Special instruments ensure the flexibility of the EU budget, and are used in cases of specific unforeseen events, such as natural disasters and emergencies. With their help, additional financial support can be mobilised. Special instruments are over and above the expenditure ceilings of the long-term budget, both for commitment and payment appropriations. However, the amounts reserved for flexibility instruments can never go above the own resources ceiling.
The maximum total amount that can be used for special instruments in 2021–2027 will be around €21 billion (in 2018 prices). There are two types of special instruments:
- "Thematic special instruments" (Solidarity and Emergency Aid Reserve, European Globalisation Adjustment Fund, Brexit Adjustment Reserve) which provide for flexibility and additional means for specific events or budget lines;
- "Non-thematic special instrument" (Flexibility Instrument, Single Margin Instrument), which provide the possibility to address more generally unforeseen circumstances or new/emerging priorities throughout the duration of the Multiannual Financial Framework.
The scope, financial allocation and way of operating of the special instruments are laid out in the Multiannual Financial Framework (MFF) Regulation and in the Inter-Institutional Agreement between the European Commission, the European Parliament and the Council. Duplication between the instruments as well as with spending programmes will be avoided. To ensure even more flexibility, the carry-over of unused amounts to the following years is also simplified and harmonised.
Solidarity and Emergency Aid Reserve (SEAR)
Maximum €1.2 billion (in 2018 prices) per year
This instrument will cover the European Union Solidarity Fund (EUSF), and the Emergency Aid Reserve, previously two separate instruments. It can be used to help tackling emergency situations due to major natural disasters or public health crises in Member States and accession countries. Moreover, it can also help non-EU countries with emerging needs stemming from conflicts, the global refugee crisis or worsening natural disasters due to climate change.
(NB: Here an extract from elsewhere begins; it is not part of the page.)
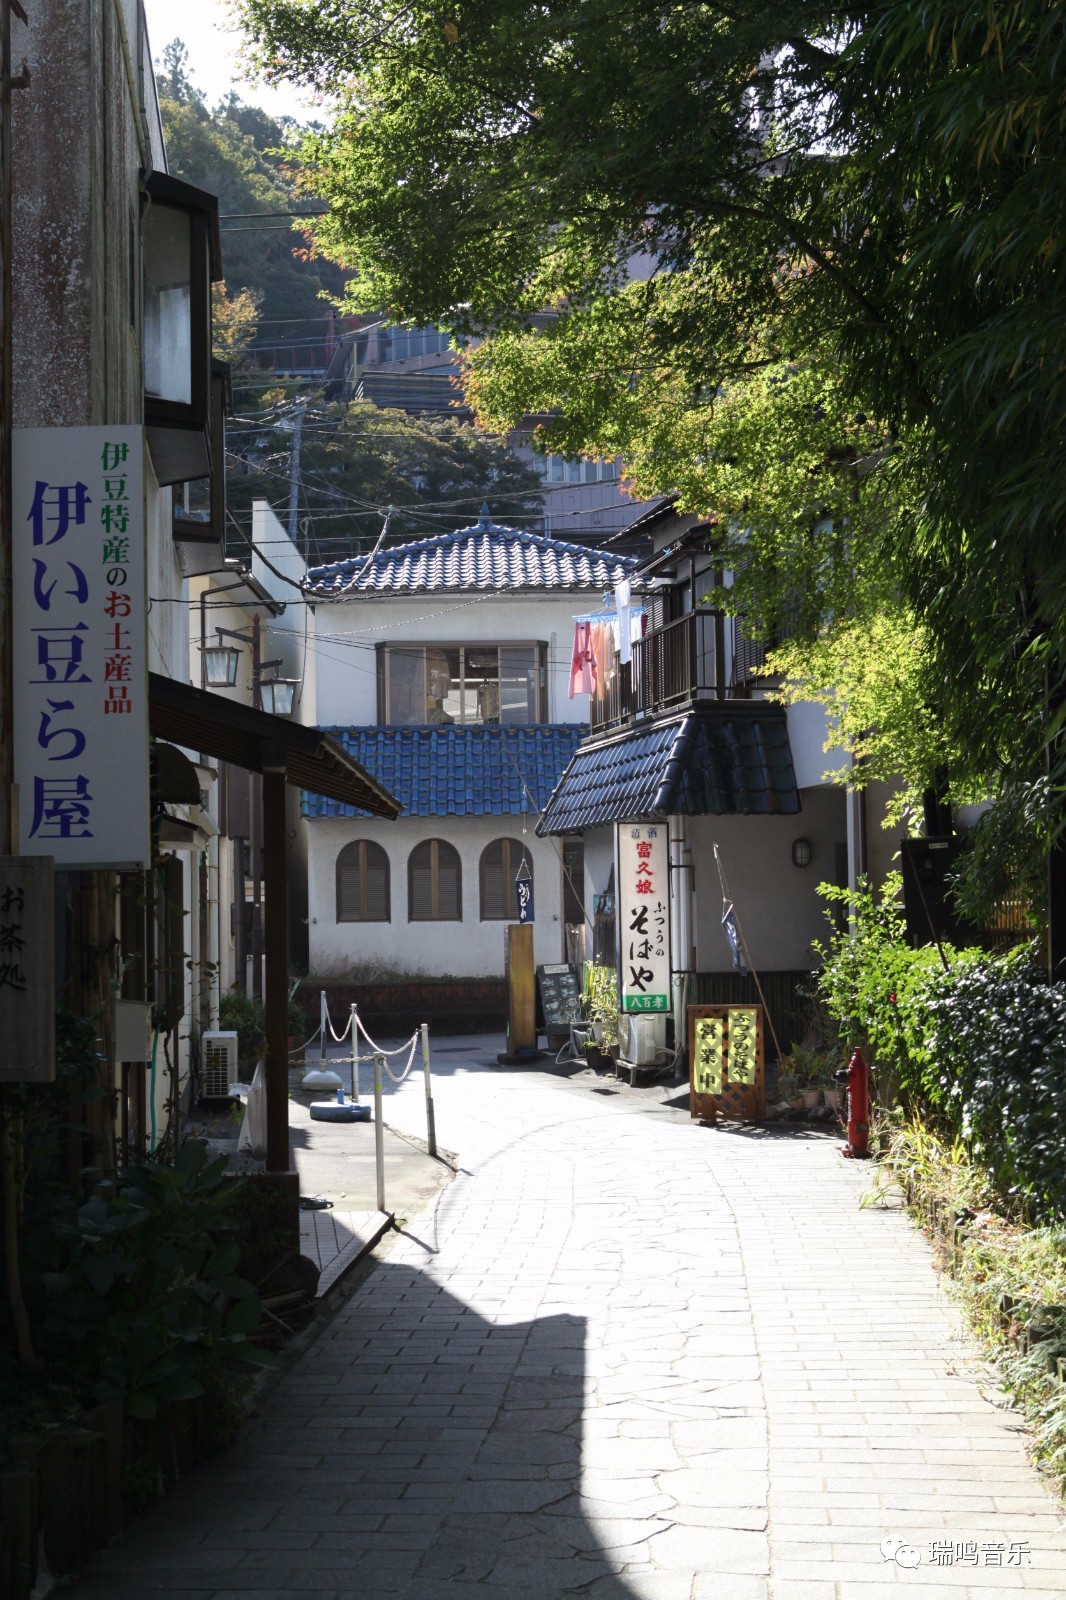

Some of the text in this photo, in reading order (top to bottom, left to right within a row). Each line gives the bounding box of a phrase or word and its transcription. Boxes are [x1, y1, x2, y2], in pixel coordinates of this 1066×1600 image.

The aid from this instrument is managed by the recipient country. It should be used to rebuild basic infrastructure, fund emergency services, temporary accommodation or clean-up operations, or counter immediate health risks.
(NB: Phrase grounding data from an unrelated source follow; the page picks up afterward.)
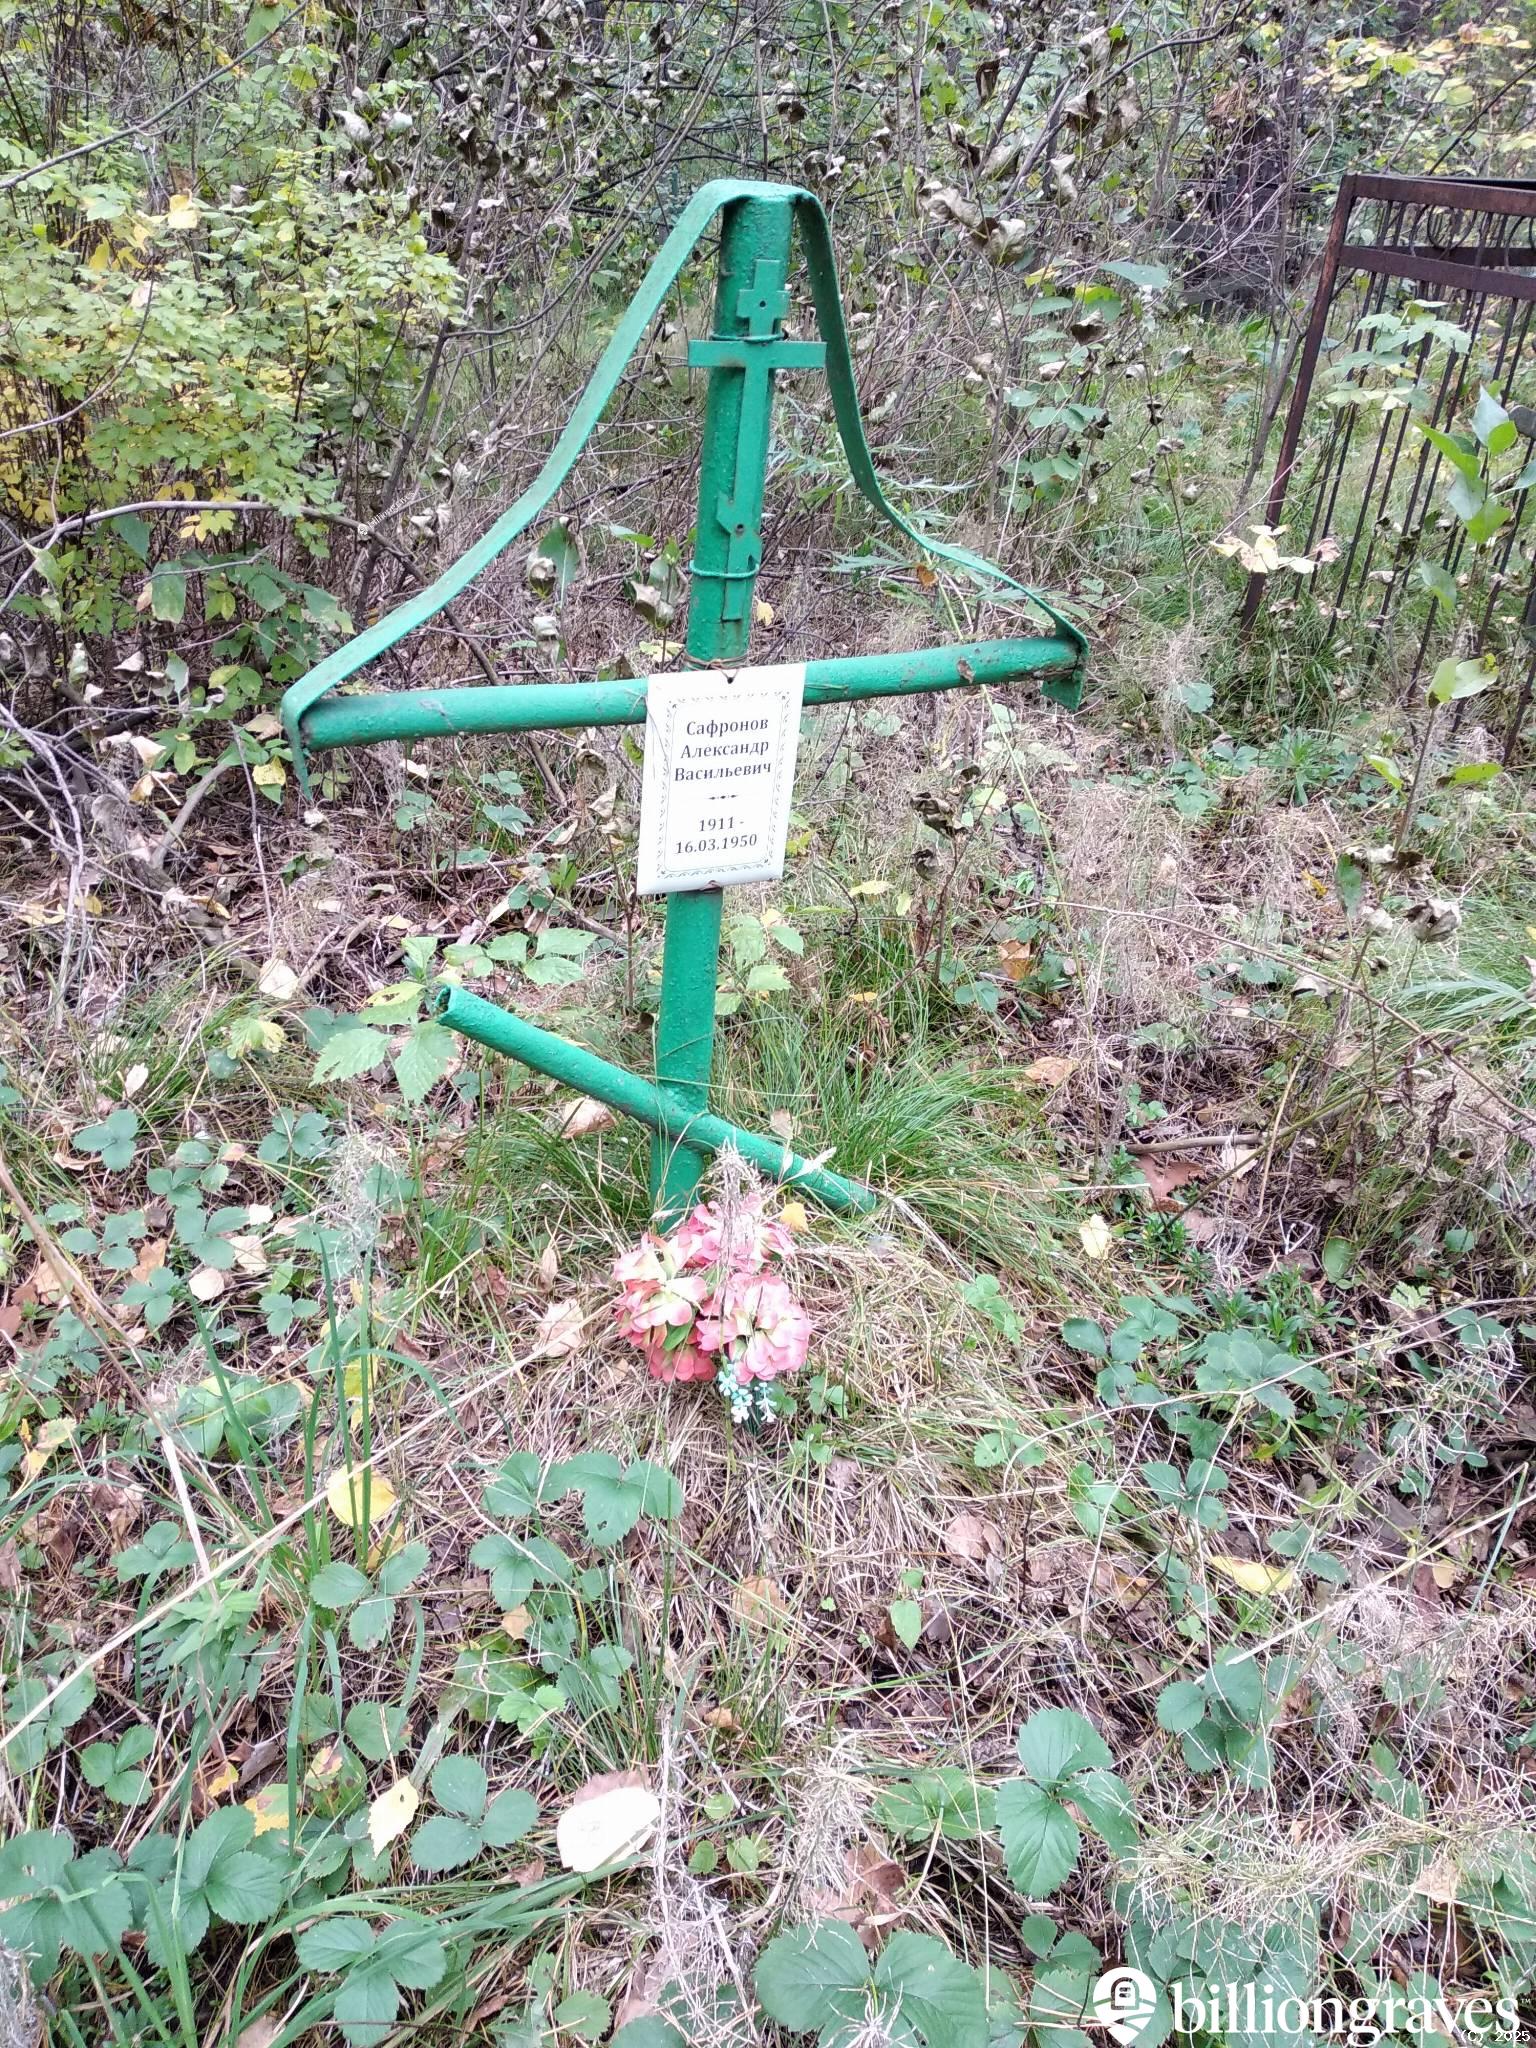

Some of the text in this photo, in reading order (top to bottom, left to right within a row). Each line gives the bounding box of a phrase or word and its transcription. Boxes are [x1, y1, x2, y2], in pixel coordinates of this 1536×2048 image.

[686, 718, 769, 738] Сафронов
[680, 740, 770, 759] Александр
[674, 762, 772, 782] Васильевич
[698, 816, 735, 832] 1911
[675, 833, 758, 854] 16.03.1950
European Globalisation Adjustment Fund (EGF)
Maximum €186 million (in 2018 prices) per year
The European Globalisation Adjustment Fund aims to help reintegrate into the labour market workers who lost their jobs due to globalisation. Structural changes linked to world trade patterns, automation and digitalisation, are common causes contributing to this. The EGF usually comes into play when entire companies are shut down or when a large number of workers are laid off in a particular sector, in one or more neighbouring regions.
In particular, the EGF funds projects that support people who lost their job to find another job or to set up their own business.
Brexit Adjustment Reserve
Maximum €5 billion (in 2018 prices) for the period 2021-2027
The Brexit Adjustment Reserve will help counter the adverse economic and social consequences in the Member States and sectors that are worst affected by departure of the United Kingdom from the EU.
The reserve can support measures such as:
- support to economic sectors, businesses and local communities, including those that are dependent on fishing activities in the UK waters;
- support to employment, including through short-time work schemes, re-skilling and training;
- ensuring the functioning of border, customs, sanitary and phytosanitary and security controls, fisheries control, certification and authorisation regimes for products, communication, information and awareness raising for citizens and businesses.
Adapting structurally to the EU’s new relationship with the UK will require much more long-term adjustment than could be provided by the Reserve alone. The powerful new 2021-2027 EU budget will support this work.
Maximum €915 million (in 2018 prices) per year
The Flexibility Instrument is used to finance actions that cannot get funding via other sources of the budget without exceeding the expenditure ceilings. It has been mobilised frequently in the past, mainly to respond to migration challenges and security threats.
Single Margin Instrument (SMI)
The Single Margin Instrument will replace three previously separate instruments: the Global Margin for Commitments, the Global Margin for Payments, and the Contingency Margin. The margin is the difference between budgeted payment or commitment appropriations, and the expenditure ceilings.
With this instrument, new commitments and/or payments can be entered in the EU budget by using:
- Commitment and payment appropriations that are left unused below the expenditure ceilings from previous years as from 2021. These are to be made available in the years 2022–2027.
- An additional amount that can be made available as a last resort if the above amounts are not sufficient. This will be taken from commitment and payment appropriations from the current or future financial years.
The total annual amount mobilised for this instrument in relation to an amending or annual budget cannot exceed 0.04% of EU gross national income (GNI) in commitments, and 0.03% of EU GNI in payments. It also needs to be consistent with the own resources ceiling.